◆ Exercise objective
From the first line to the last, write out the records exactly, leaving the pictures behind.

*** Data extracts ***

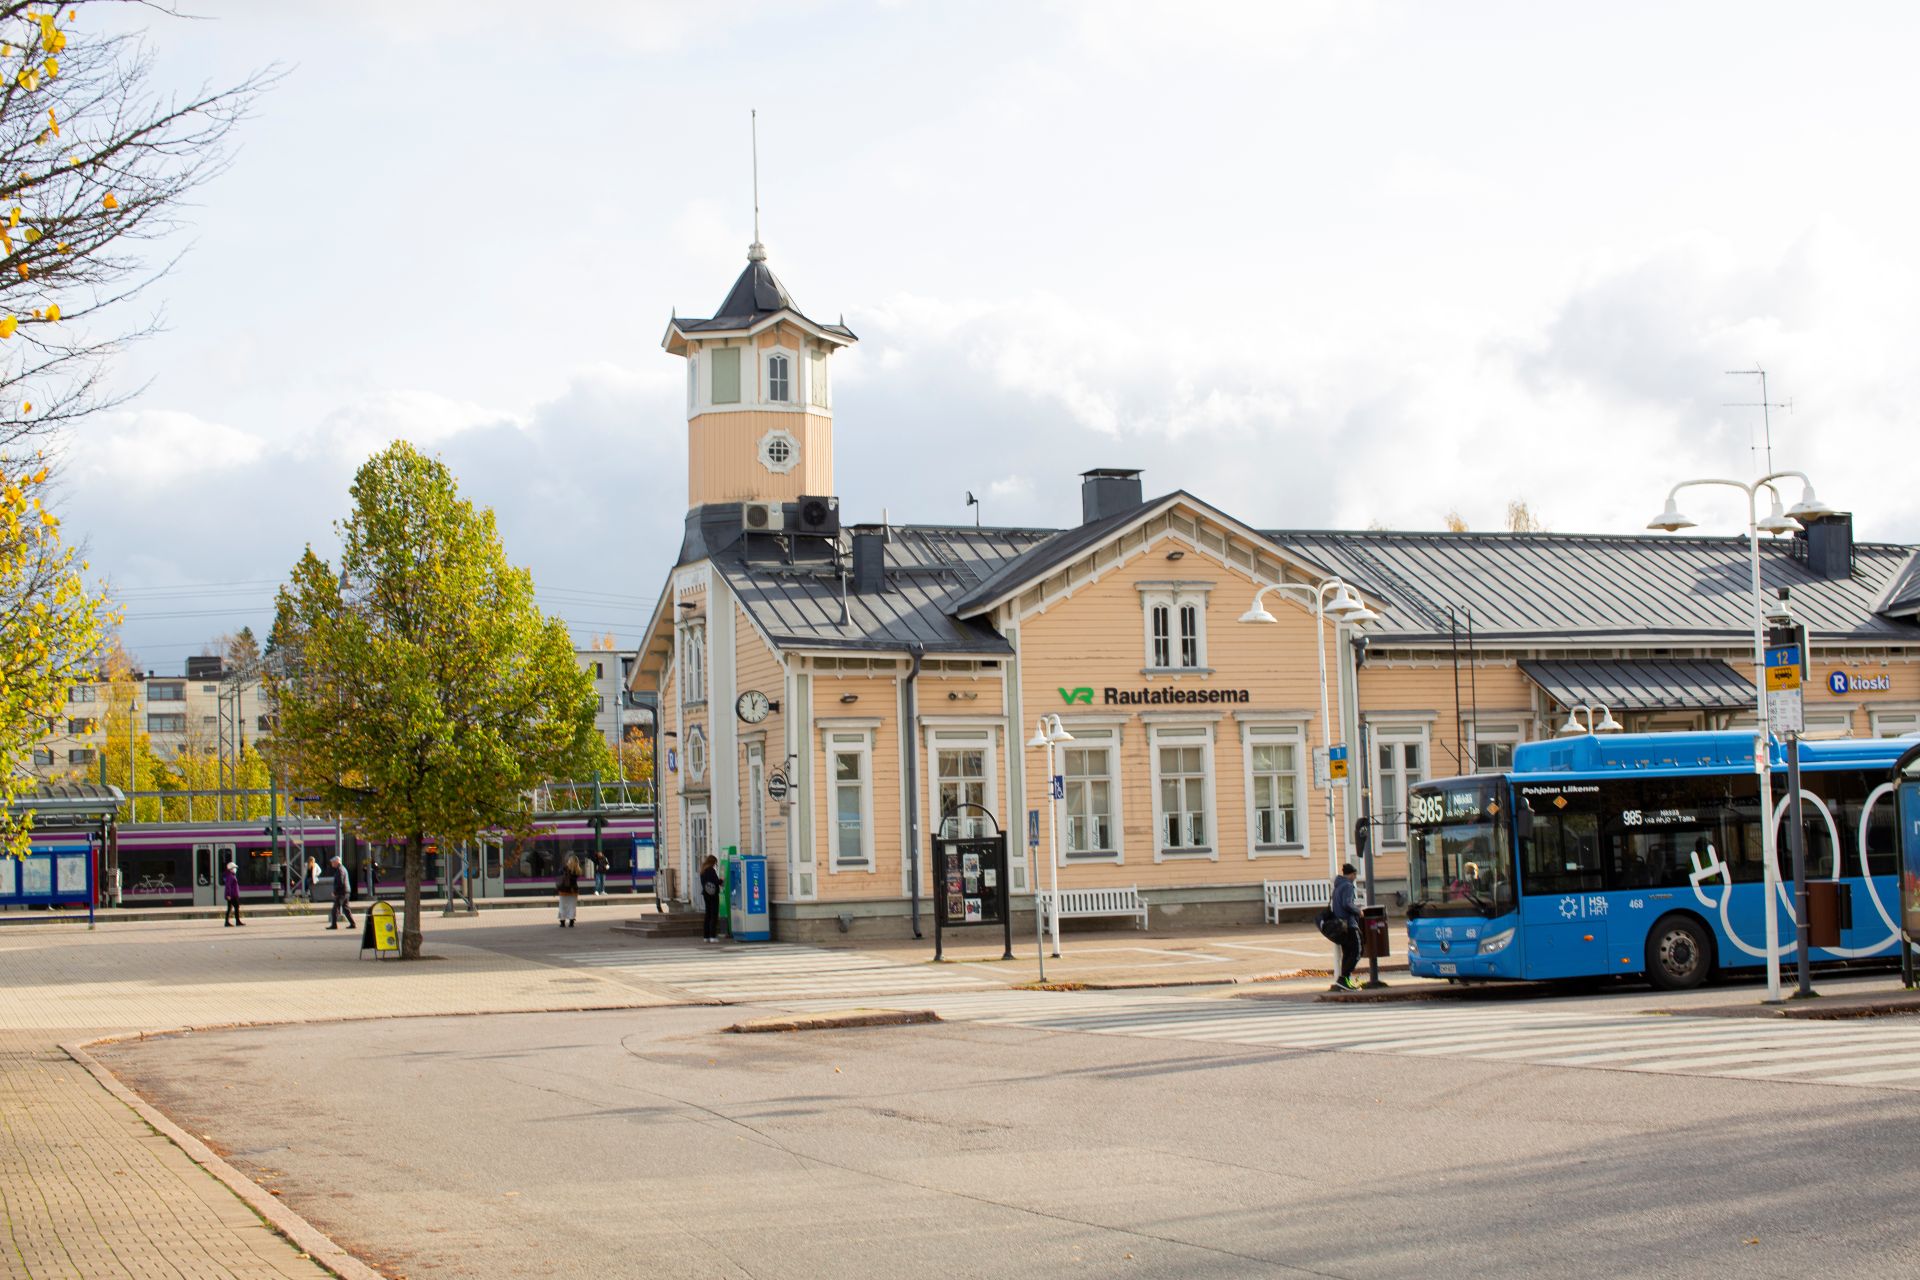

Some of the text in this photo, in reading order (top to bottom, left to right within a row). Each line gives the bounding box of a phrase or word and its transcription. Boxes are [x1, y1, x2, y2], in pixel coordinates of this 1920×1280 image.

[1776, 651, 1788, 665] 12
[1850, 674, 1890, 690] kioski
[1058, 686, 1250, 705] VR Rautatieasema
[1522, 785, 1600, 795] Pohjolan Liikenne
[1419, 795, 1444, 823] 985
[1623, 809, 1643, 826] 985
[1589, 896, 1607, 906] HSL
[1629, 899, 1644, 909] 468
[1590, 904, 1608, 915] HRT

*** End of Data extracts ***

◆ Result
Some of the text in this photo, in reading order (top to bottom, left to right within a row). Each line gives the bounding box of a phrase or word and its transcription. Boxes are [x1, y1, x2, y2], in pixel coordinates of this 1920×1280 image.

[1776, 651, 1788, 665] 12
[1850, 674, 1890, 690] kioski
[1058, 686, 1250, 705] VR Rautatieasema
[1522, 785, 1600, 795] Pohjolan Liikenne
[1419, 795, 1444, 823] 985
[1623, 809, 1643, 826] 985
[1589, 896, 1607, 906] HSL
[1629, 899, 1644, 909] 468
[1590, 904, 1608, 915] HRT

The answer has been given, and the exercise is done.